Glad I'm studying Latin. I understand it's name. What a bum wrap for this poor creature, and why prolong it's agony by bringing it back? The ineptis should have gone to the sailors who wrecked their ships on the reefs surrounding the paradise of Mauritis and let the rats swim ashore to feast on the didus young. The sailors who made it ashore were so desparate for food they'd eat this awful tasting overgrown pidgeon. (I don't know what pidgeon taste like, but I'm sure the dodo is pidgeon to the Nth degree.)

They called them dumb becasue they would run away, and if they did they weren't hard to outrun. It wasn't stupidity it was ignorance, and ignorance is bliss.

I thought about putting this under the Under-Engineered update but this poor creature has already endured enough scoff. Must have been nice evolving without any preditors. It was the dodos who imported their preditors that were under engineered.

Monday, December 19, 2005

Under-engineering update

Maybe there IS something to global warming...

Over-Engineering update

Why a USB turntable?

What next, a Bluetooth 8-track player?

Read review

Sunday, December 18, 2005


I herby announce the creation of a new school. The CW Institute of Technology. CWIT will be accredited and all that as soon as I can find a sponsor. Upon receiving that first pledge I will patent the name. (and get the URL before anyone else does.)

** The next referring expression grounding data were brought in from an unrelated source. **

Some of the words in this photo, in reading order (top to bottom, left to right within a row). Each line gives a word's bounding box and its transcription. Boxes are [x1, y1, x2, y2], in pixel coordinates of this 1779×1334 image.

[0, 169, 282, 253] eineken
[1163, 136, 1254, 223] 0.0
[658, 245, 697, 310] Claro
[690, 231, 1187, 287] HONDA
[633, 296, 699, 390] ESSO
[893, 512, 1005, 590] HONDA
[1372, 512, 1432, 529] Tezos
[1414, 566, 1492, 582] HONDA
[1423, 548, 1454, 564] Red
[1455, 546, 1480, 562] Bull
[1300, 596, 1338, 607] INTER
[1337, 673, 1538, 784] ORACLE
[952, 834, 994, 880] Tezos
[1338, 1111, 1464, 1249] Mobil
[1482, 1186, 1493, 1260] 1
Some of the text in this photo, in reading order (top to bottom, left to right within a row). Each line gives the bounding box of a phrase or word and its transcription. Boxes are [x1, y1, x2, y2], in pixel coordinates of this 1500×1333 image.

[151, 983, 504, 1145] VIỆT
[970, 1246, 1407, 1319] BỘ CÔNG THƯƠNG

Do your part to keep the skills of morse code prevalent in the youte of America. (and the rest of the world, of course.)
Do your part to keep CW alive in Amateur Radio, and show them ones that want to quash it what's what.
We'll even try and help some of you old farts that don't think you can remember...we will have special programes for the "difficult" student.

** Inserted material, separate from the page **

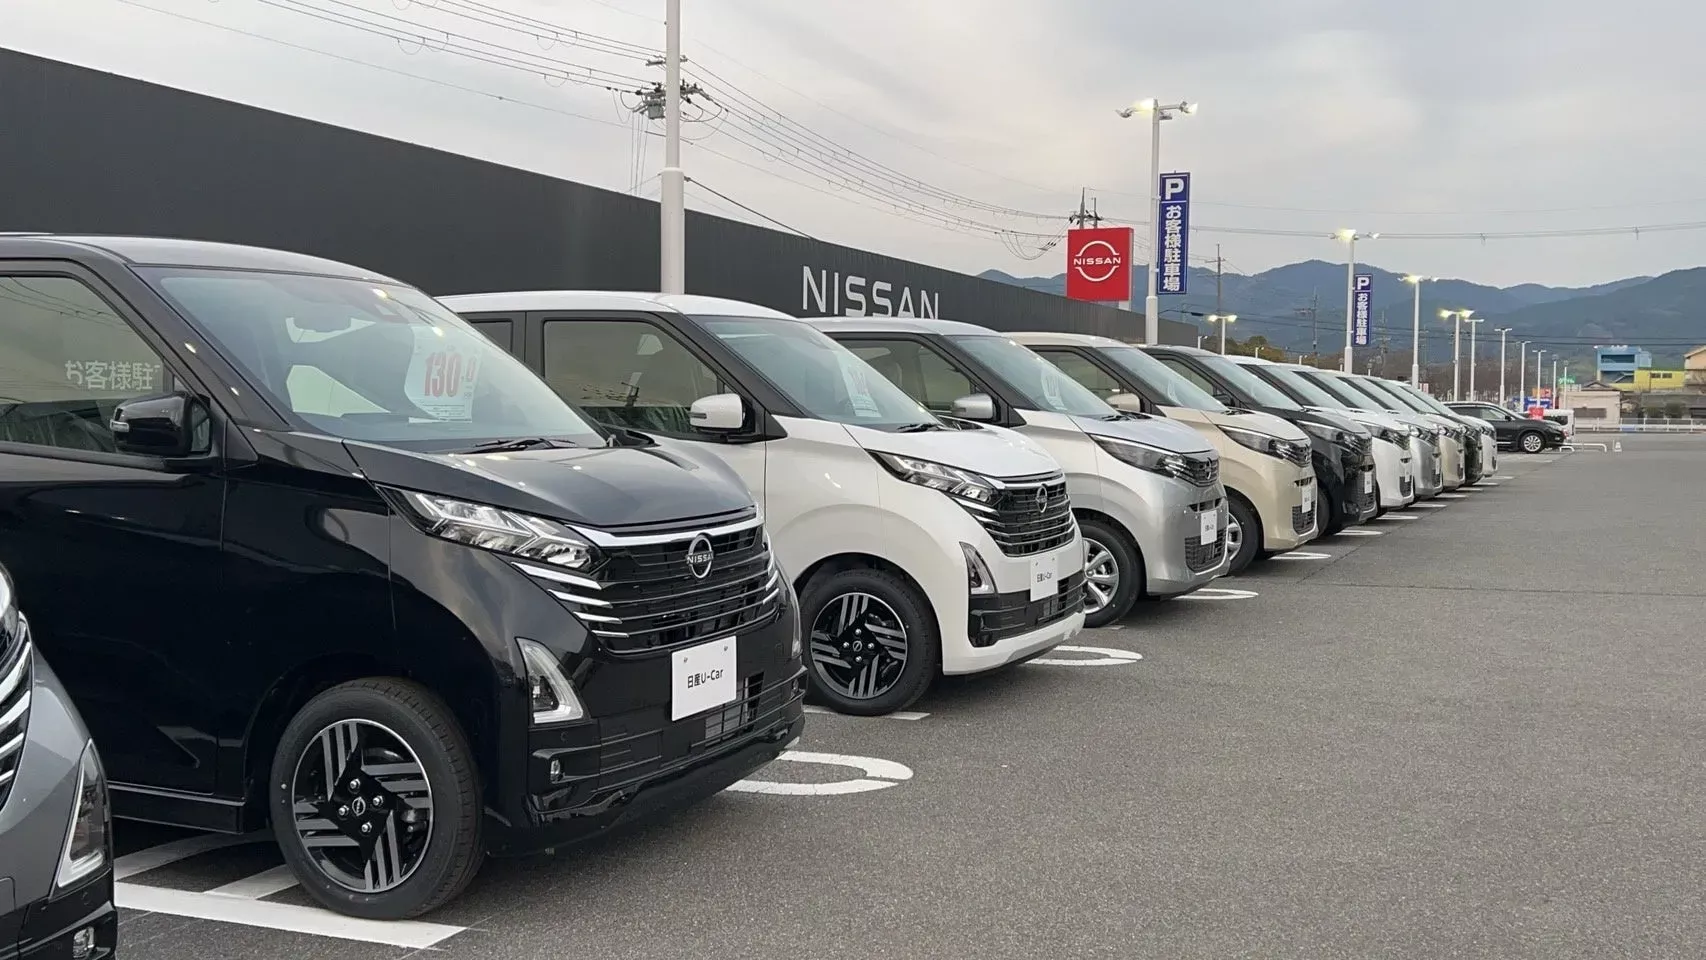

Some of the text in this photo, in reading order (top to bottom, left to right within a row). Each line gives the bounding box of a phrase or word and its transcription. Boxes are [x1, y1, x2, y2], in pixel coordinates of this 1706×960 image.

e-mail me for particulars on investment plans.

Christopher Hobbs
President (and soon to be CEO)
CWIT - Continuous Wave Institute of Technology
"...don't think of quitting 'till you've tried CWIT"

(editors note: I just checked and CWIT is taken. The Center for Women and Information Technology already got it. Stay tuned for info on the possible use of CWIoT.)

A Better Mousetrap?

I've got some friends. They showed up last night because I've been careless about leaving food out. I also thought I'd sealed every nook and cranny behind that cabinet. They can chew their way through most anything if they think there's an "all you can eat--open all night" diner on the other side.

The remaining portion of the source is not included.